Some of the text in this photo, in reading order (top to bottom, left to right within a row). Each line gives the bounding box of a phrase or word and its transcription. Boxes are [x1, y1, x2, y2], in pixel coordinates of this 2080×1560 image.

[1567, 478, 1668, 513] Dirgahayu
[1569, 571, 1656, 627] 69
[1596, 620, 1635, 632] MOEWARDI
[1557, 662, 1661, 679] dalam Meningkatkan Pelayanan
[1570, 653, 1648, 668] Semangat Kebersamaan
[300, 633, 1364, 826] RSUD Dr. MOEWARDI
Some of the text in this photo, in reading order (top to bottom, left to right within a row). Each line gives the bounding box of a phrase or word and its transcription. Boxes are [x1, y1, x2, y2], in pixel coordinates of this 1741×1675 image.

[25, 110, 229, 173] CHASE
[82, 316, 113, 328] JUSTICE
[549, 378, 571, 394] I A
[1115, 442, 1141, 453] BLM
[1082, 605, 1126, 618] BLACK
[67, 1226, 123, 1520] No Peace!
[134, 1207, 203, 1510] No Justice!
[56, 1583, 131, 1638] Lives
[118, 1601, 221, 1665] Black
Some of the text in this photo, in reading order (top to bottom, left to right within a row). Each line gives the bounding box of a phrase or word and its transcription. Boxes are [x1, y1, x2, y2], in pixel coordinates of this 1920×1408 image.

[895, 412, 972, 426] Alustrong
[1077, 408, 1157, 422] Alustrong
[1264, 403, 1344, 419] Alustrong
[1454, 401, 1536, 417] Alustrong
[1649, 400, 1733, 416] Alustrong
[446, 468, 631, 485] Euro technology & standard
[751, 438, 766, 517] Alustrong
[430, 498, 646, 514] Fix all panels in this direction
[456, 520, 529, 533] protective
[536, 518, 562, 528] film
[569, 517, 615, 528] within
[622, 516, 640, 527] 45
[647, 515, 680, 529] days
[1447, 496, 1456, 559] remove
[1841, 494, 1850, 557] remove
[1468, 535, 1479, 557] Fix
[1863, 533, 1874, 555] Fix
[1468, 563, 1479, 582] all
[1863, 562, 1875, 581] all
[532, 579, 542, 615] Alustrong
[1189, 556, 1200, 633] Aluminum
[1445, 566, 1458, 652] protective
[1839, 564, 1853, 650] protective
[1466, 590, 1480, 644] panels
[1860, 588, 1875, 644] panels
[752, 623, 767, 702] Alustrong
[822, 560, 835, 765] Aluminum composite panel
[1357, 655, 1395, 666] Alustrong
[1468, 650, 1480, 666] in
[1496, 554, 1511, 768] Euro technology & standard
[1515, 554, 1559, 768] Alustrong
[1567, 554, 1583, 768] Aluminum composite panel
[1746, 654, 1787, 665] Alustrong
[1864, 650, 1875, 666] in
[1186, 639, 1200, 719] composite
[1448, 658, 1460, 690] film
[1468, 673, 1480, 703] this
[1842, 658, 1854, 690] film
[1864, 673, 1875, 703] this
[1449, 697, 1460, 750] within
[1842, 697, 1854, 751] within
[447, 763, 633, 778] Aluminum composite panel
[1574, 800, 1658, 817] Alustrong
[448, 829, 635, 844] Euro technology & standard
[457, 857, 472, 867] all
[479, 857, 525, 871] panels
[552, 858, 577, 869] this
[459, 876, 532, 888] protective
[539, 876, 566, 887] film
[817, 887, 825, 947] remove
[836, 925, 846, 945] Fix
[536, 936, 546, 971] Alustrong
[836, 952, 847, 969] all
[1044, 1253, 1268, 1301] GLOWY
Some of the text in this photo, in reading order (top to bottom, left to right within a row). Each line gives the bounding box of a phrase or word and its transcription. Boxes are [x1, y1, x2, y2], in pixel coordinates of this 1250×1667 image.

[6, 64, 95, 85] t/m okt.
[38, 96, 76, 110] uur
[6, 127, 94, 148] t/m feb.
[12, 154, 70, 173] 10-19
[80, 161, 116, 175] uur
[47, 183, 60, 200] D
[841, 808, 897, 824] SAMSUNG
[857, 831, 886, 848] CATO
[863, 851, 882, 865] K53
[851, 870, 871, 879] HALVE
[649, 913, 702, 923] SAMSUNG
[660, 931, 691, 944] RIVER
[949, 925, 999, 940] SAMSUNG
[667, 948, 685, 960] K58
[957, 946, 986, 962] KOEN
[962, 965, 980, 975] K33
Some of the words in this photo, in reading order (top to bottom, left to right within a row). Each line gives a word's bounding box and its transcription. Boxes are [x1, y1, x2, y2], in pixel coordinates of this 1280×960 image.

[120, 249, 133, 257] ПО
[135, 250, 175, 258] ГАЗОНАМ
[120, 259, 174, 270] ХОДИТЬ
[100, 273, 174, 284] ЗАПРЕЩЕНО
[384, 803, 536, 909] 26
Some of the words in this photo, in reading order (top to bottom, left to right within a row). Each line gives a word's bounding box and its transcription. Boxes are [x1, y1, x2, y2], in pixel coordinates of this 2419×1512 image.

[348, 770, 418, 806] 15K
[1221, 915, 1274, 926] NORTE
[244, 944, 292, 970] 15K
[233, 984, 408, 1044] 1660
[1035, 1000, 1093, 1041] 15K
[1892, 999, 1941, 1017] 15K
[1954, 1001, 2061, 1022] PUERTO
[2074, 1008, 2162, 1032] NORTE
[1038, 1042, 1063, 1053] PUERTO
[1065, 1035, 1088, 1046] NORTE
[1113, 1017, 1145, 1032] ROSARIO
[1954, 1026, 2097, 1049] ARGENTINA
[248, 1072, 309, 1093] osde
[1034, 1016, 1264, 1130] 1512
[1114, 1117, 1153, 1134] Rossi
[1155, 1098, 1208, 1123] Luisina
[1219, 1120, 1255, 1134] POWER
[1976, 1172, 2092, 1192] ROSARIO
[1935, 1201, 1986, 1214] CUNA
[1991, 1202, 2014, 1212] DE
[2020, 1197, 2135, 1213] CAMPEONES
--- --- ---
*Task requirements:*
Nothing in the listing may be changed; retype it all exactly.

*Task output:*
Some of the text in this photo, in reading order (top to bottom, left to right within a row). Each line gives the bounding box of a phrase or word and its transcription. Boxes are [x1, y1, x2, y2], in pixel coordinates of this 2080×1560 image.

[1567, 478, 1668, 513] Dirgahayu
[1569, 571, 1656, 627] 69
[1596, 620, 1635, 632] MOEWARDI
[1557, 662, 1661, 679] dalam Meningkatkan Pelayanan
[1570, 653, 1648, 668] Semangat Kebersamaan
[300, 633, 1364, 826] RSUD Dr. MOEWARDI
Some of the text in this photo, in reading order (top to bottom, left to right within a row). Each line gives the bounding box of a phrase or word and its transcription. Boxes are [x1, y1, x2, y2], in pixel coordinates of this 1741×1675 image.

[25, 110, 229, 173] CHASE
[82, 316, 113, 328] JUSTICE
[549, 378, 571, 394] I A
[1115, 442, 1141, 453] BLM
[1082, 605, 1126, 618] BLACK
[67, 1226, 123, 1520] No Peace!
[134, 1207, 203, 1510] No Justice!
[56, 1583, 131, 1638] Lives
[118, 1601, 221, 1665] Black
Some of the text in this photo, in reading order (top to bottom, left to right within a row). Each line gives the bounding box of a phrase or word and its transcription. Boxes are [x1, y1, x2, y2], in pixel coordinates of this 1920×1408 image.

[895, 412, 972, 426] Alustrong
[1077, 408, 1157, 422] Alustrong
[1264, 403, 1344, 419] Alustrong
[1454, 401, 1536, 417] Alustrong
[1649, 400, 1733, 416] Alustrong
[446, 468, 631, 485] Euro technology & standard
[751, 438, 766, 517] Alustrong
[430, 498, 646, 514] Fix all panels in this direction
[456, 520, 529, 533] protective
[536, 518, 562, 528] film
[569, 517, 615, 528] within
[622, 516, 640, 527] 45
[647, 515, 680, 529] days
[1447, 496, 1456, 559] remove
[1841, 494, 1850, 557] remove
[1468, 535, 1479, 557] Fix
[1863, 533, 1874, 555] Fix
[1468, 563, 1479, 582] all
[1863, 562, 1875, 581] all
[532, 579, 542, 615] Alustrong
[1189, 556, 1200, 633] Aluminum
[1445, 566, 1458, 652] protective
[1839, 564, 1853, 650] protective
[1466, 590, 1480, 644] panels
[1860, 588, 1875, 644] panels
[752, 623, 767, 702] Alustrong
[822, 560, 835, 765] Aluminum composite panel
[1357, 655, 1395, 666] Alustrong
[1468, 650, 1480, 666] in
[1496, 554, 1511, 768] Euro technology & standard
[1515, 554, 1559, 768] Alustrong
[1567, 554, 1583, 768] Aluminum composite panel
[1746, 654, 1787, 665] Alustrong
[1864, 650, 1875, 666] in
[1186, 639, 1200, 719] composite
[1448, 658, 1460, 690] film
[1468, 673, 1480, 703] this
[1842, 658, 1854, 690] film
[1864, 673, 1875, 703] this
[1449, 697, 1460, 750] within
[1842, 697, 1854, 751] within
[447, 763, 633, 778] Aluminum composite panel
[1574, 800, 1658, 817] Alustrong
[448, 829, 635, 844] Euro technology & standard
[457, 857, 472, 867] all
[479, 857, 525, 871] panels
[552, 858, 577, 869] this
[459, 876, 532, 888] protective
[539, 876, 566, 887] film
[817, 887, 825, 947] remove
[836, 925, 846, 945] Fix
[536, 936, 546, 971] Alustrong
[836, 952, 847, 969] all
[1044, 1253, 1268, 1301] GLOWY
Some of the text in this photo, in reading order (top to bottom, left to right within a row). Each line gives the bounding box of a phrase or word and its transcription. Boxes are [x1, y1, x2, y2], in pixel coordinates of this 1250×1667 image.

[6, 64, 95, 85] t/m okt.
[38, 96, 76, 110] uur
[6, 127, 94, 148] t/m feb.
[12, 154, 70, 173] 10-19
[80, 161, 116, 175] uur
[47, 183, 60, 200] D
[841, 808, 897, 824] SAMSUNG
[857, 831, 886, 848] CATO
[863, 851, 882, 865] K53
[851, 870, 871, 879] HALVE
[649, 913, 702, 923] SAMSUNG
[660, 931, 691, 944] RIVER
[949, 925, 999, 940] SAMSUNG
[667, 948, 685, 960] K58
[957, 946, 986, 962] KOEN
[962, 965, 980, 975] K33
Some of the words in this photo, in reading order (top to bottom, left to right within a row). Each line gives a word's bounding box and its transcription. Boxes are [x1, y1, x2, y2], in pixel coordinates of this 1280×960 image.

[120, 249, 133, 257] ПО
[135, 250, 175, 258] ГАЗОНАМ
[120, 259, 174, 270] ХОДИТЬ
[100, 273, 174, 284] ЗАПРЕЩЕНО
[384, 803, 536, 909] 26
Some of the words in this photo, in reading order (top to bottom, left to right within a row). Each line gives a word's bounding box and its transcription. Boxes are [x1, y1, x2, y2], in pixel coordinates of this 2419×1512 image.

[348, 770, 418, 806] 15K
[1221, 915, 1274, 926] NORTE
[244, 944, 292, 970] 15K
[233, 984, 408, 1044] 1660
[1035, 1000, 1093, 1041] 15K
[1892, 999, 1941, 1017] 15K
[1954, 1001, 2061, 1022] PUERTO
[2074, 1008, 2162, 1032] NORTE
[1038, 1042, 1063, 1053] PUERTO
[1065, 1035, 1088, 1046] NORTE
[1113, 1017, 1145, 1032] ROSARIO
[1954, 1026, 2097, 1049] ARGENTINA
[248, 1072, 309, 1093] osde
[1034, 1016, 1264, 1130] 1512
[1114, 1117, 1153, 1134] Rossi
[1155, 1098, 1208, 1123] Luisina
[1219, 1120, 1255, 1134] POWER
[1976, 1172, 2092, 1192] ROSARIO
[1935, 1201, 1986, 1214] CUNA
[1991, 1202, 2014, 1212] DE
[2020, 1197, 2135, 1213] CAMPEONES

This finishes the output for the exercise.